AIM To analyze the regulatory effect of quercetin （QUE） on PTEN-induced putative kinase 1 （PINK1）/parkin mitochondrial autophagy pathway， and to explore the mechanism of quercetin in relieving cerebral ischemia/reperfusion （I/R） injury. METHODS Sixty SD male rats were randomly divided into sham operation group， model group （I/R group）， QUE group，3-methyladenine （3-MA） group and QUE+3-MA group. Administration started in each group 3 days before modeling， once a day， at 30 min after the last administration，except sham group， the other groups used 4-vessel blockage method to establish the whole brain I/R model. On the day after modeling， the neural function was evaluated by neuropathy disability score （NDS）. The volume of cerebral infarction was measured by 2，3，5-triphenyltetrazolium chloride （TTC） staining. The morphological changes of mitochondria in hippocampus were observed by transmission electron microscopy. The contents of interleukin-6 （IL-6） and tumor necrosis factor-α （TNF-α） in hippocampus were measured by ELISA. The activity of superoxide dismutase （SOD） and contents of malondialdehyde （MDA） in hippocampus were detected by xanthine oxidase method， thiobarbituric acid condensation method.

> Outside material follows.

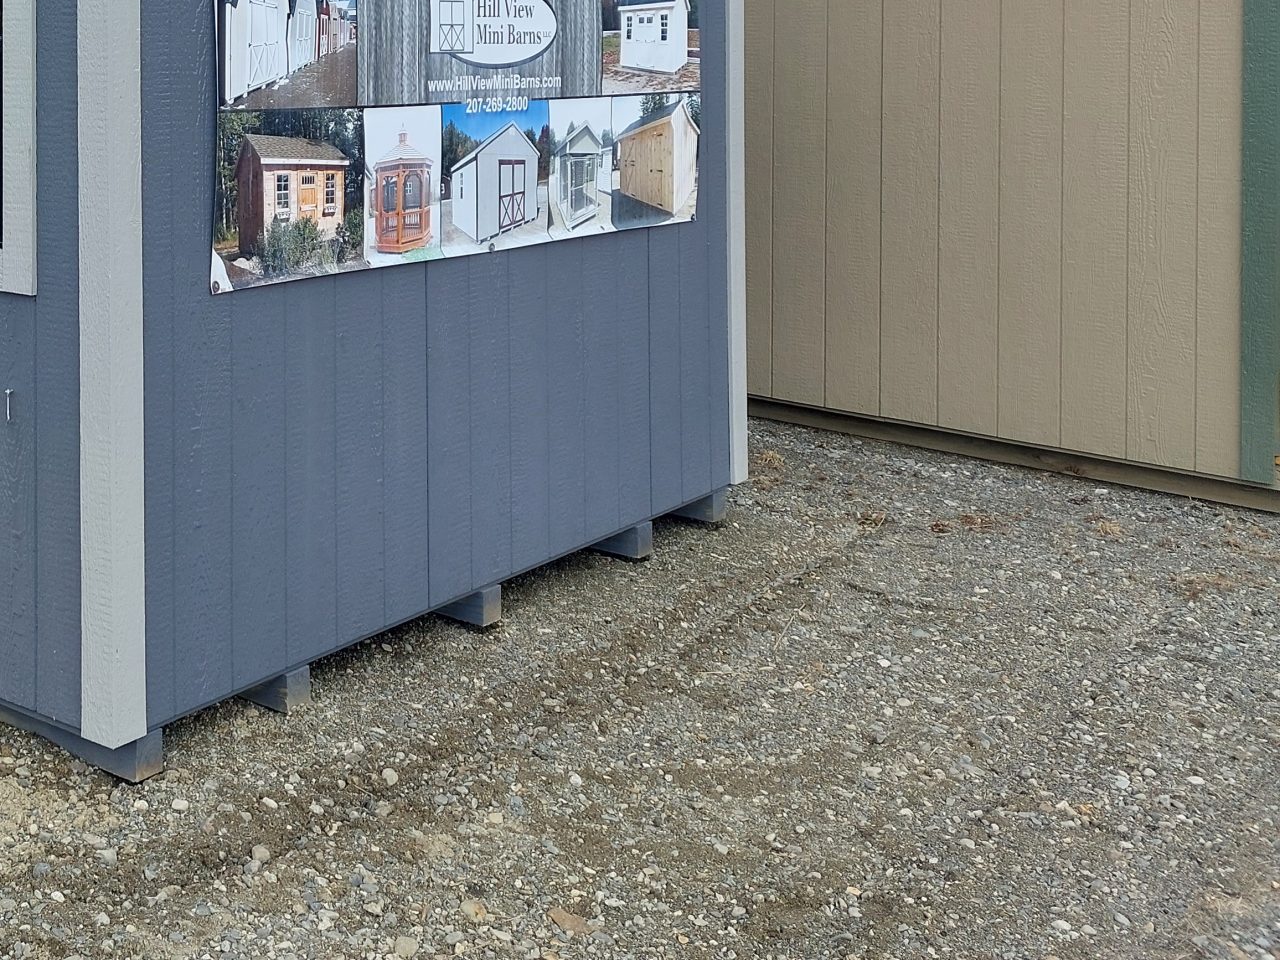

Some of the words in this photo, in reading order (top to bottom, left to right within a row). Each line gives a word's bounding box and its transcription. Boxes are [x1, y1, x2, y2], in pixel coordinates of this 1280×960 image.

Western blot was used to detect the proteinex pression of PINK1， parkin and LC3-II in brain tissue. RESULTS Compared with sham group， the hippocampus of the rats in I/R group and QUE+3-MA group showed swelling of mitochondria， destruction or disappearance of internal crista and other pathological damage，also the volume of cerebral infarction， the contents of IL-6， TNF-α and MDA， the protein expression levels of PINK1， parkin and LC3-II were increased （P<0.05）， while NDS score and activity of SOD were decreased （P<0.05）. Compared with I/R group and QUE+3-MA group， the pathological damage degree of hippocampus in QUE group was reduced， the volume of cerebral infarction， the contents of IL-6， TNF-α and MDA were decreased （P<0.05）， the proteinexpression levels of PINK1， parkin and LC3-II， and NDS score and activity of SOD were increased （P<0.05）.The above indexes in 3-MA group were opposite to QUE group. No significant difference in the above indexes between I/R group and QUE+3-MA group was observed （P>0.05）. CONCLUSION Quercetin activates mitochondrial autophagy and reduces cerebral I/R by regulating the expression of PINK1/parkin pathway proteins.